Exercise instructions
Produce a verbatim transcription of the entries, with all pictures omitted.

Available data
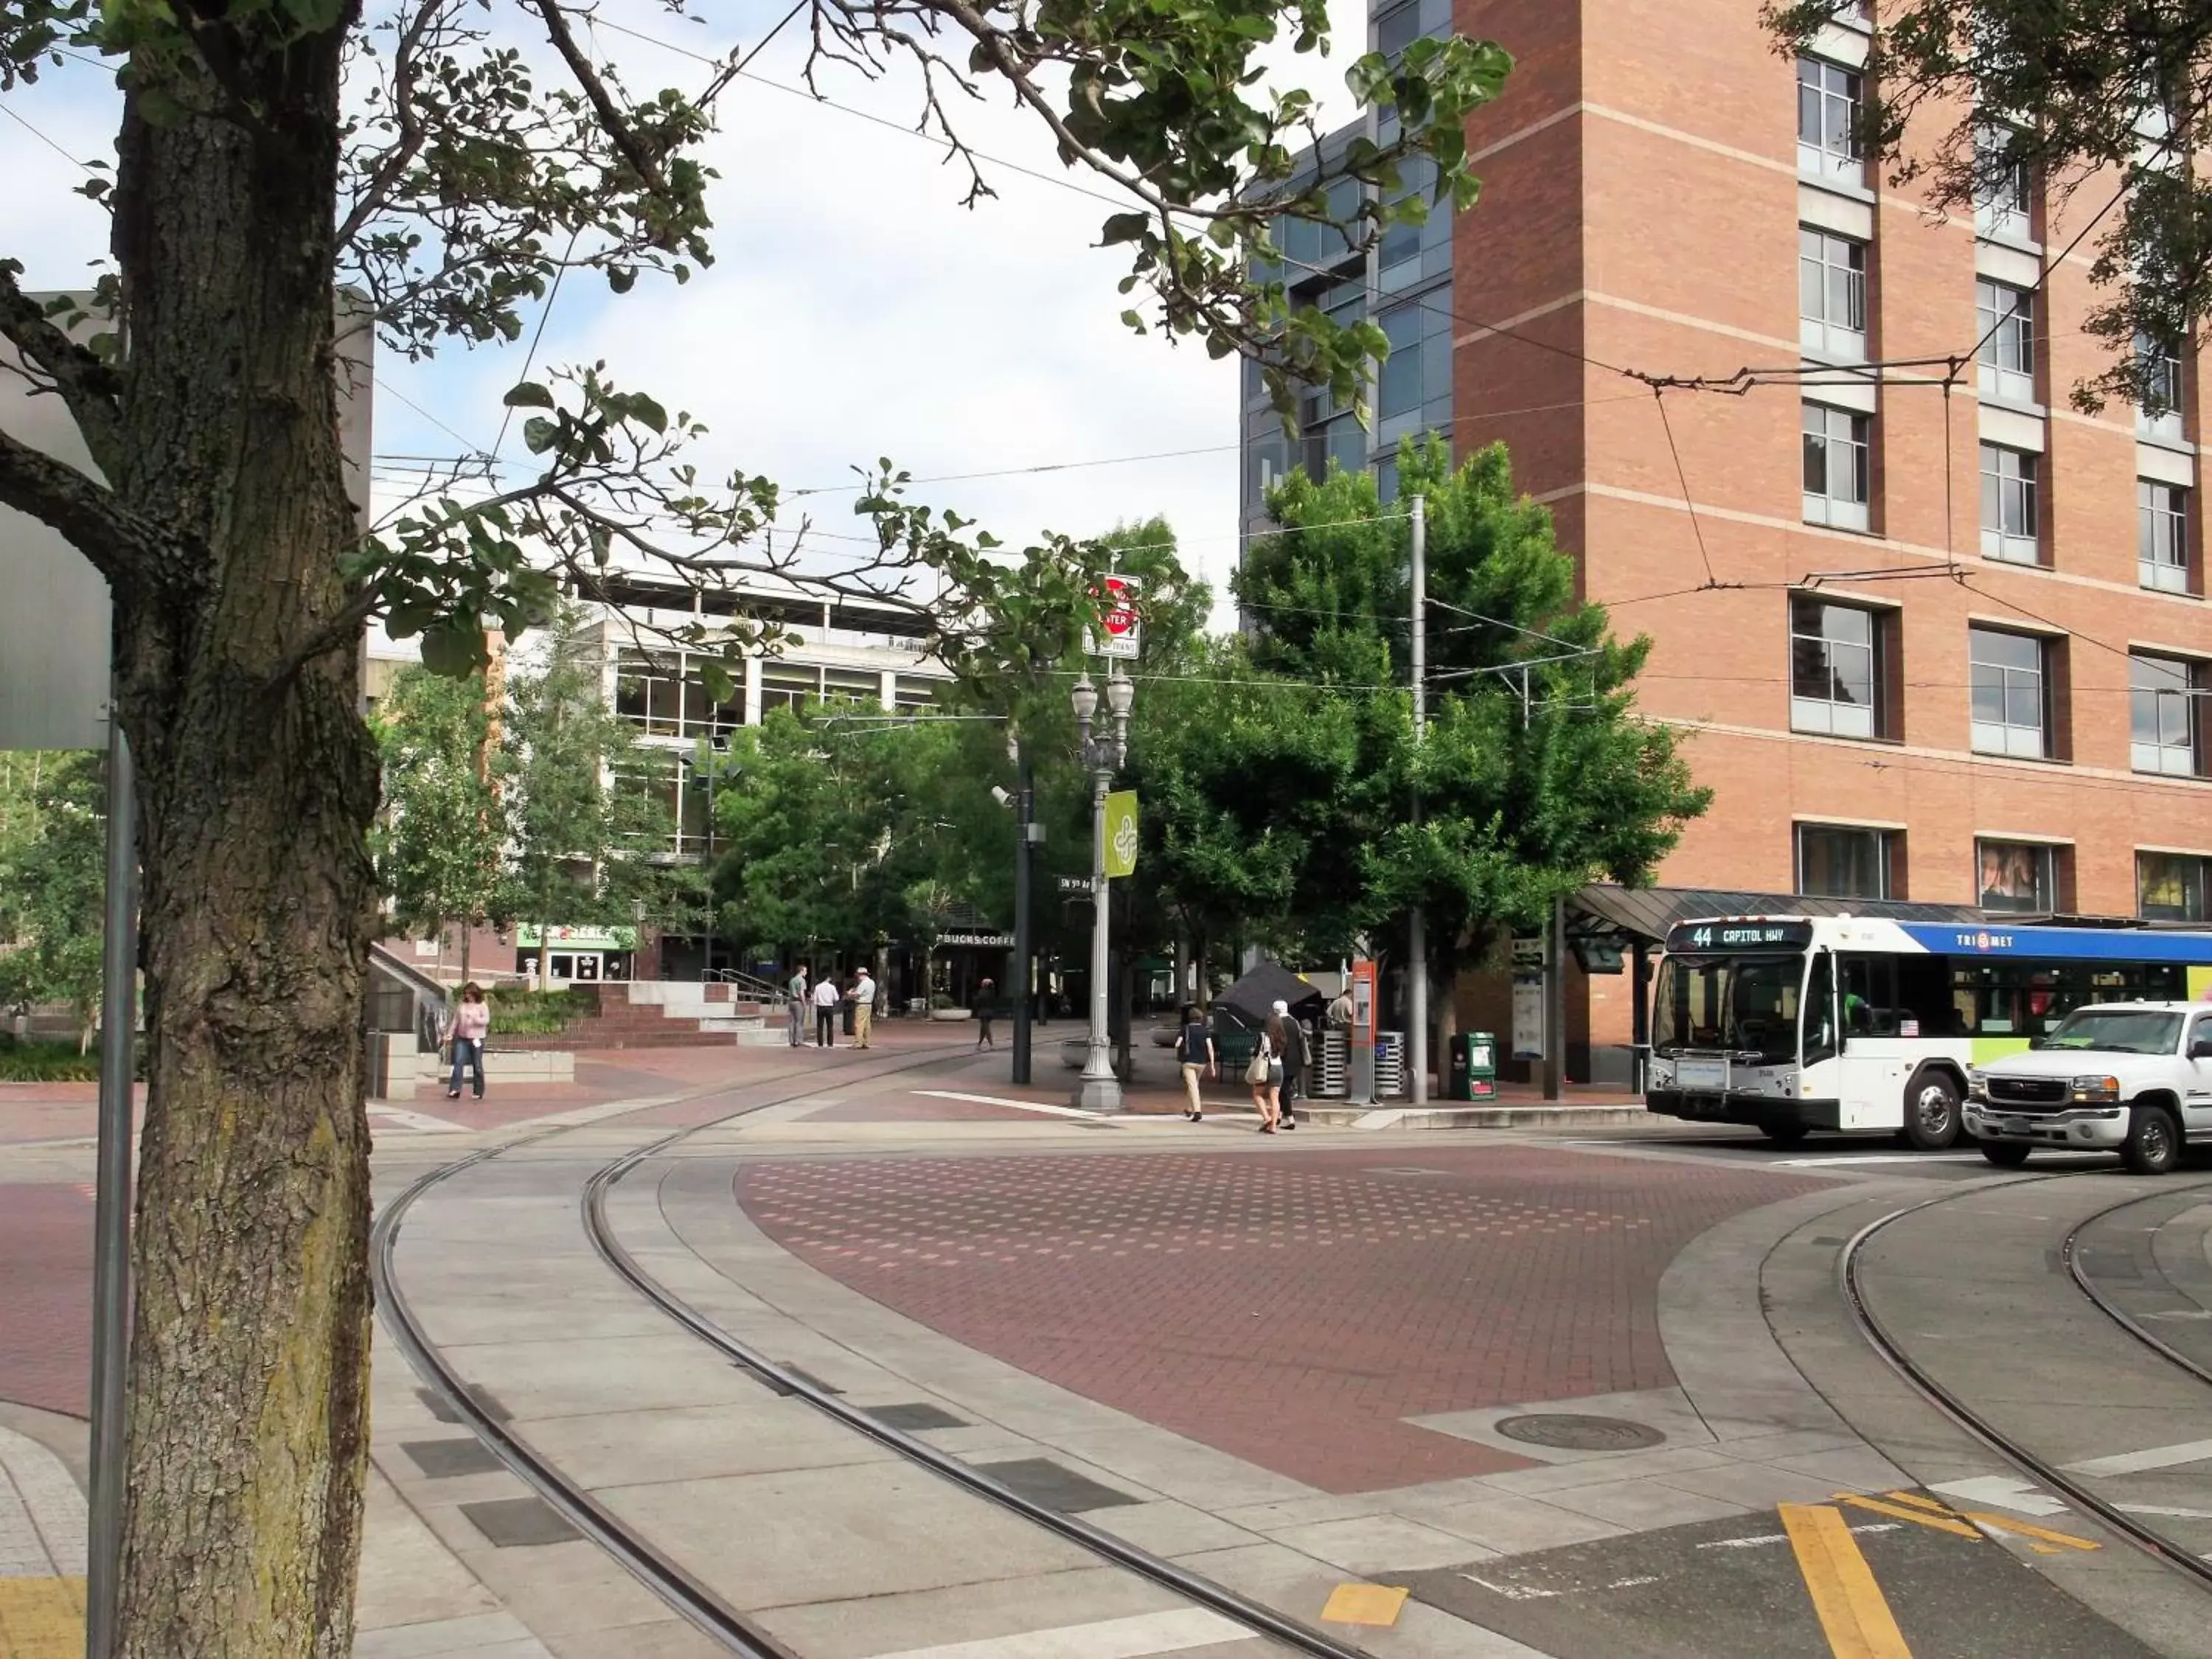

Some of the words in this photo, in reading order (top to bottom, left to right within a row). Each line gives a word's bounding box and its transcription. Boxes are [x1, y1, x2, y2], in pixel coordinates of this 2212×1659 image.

[1694, 927, 1711, 947] 44
[1723, 930, 1762, 943] CAPITOL
[1766, 928, 1784, 942] HWY
[1990, 935, 2013, 947] MET

Answer space
Some of the words in this photo, in reading order (top to bottom, left to right within a row). Each line gives a word's bounding box and its transcription. Boxes are [x1, y1, x2, y2], in pixel coordinates of this 2212×1659 image.

[1694, 927, 1711, 947] 44
[1723, 930, 1762, 943] CAPITOL
[1766, 928, 1784, 942] HWY
[1990, 935, 2013, 947] MET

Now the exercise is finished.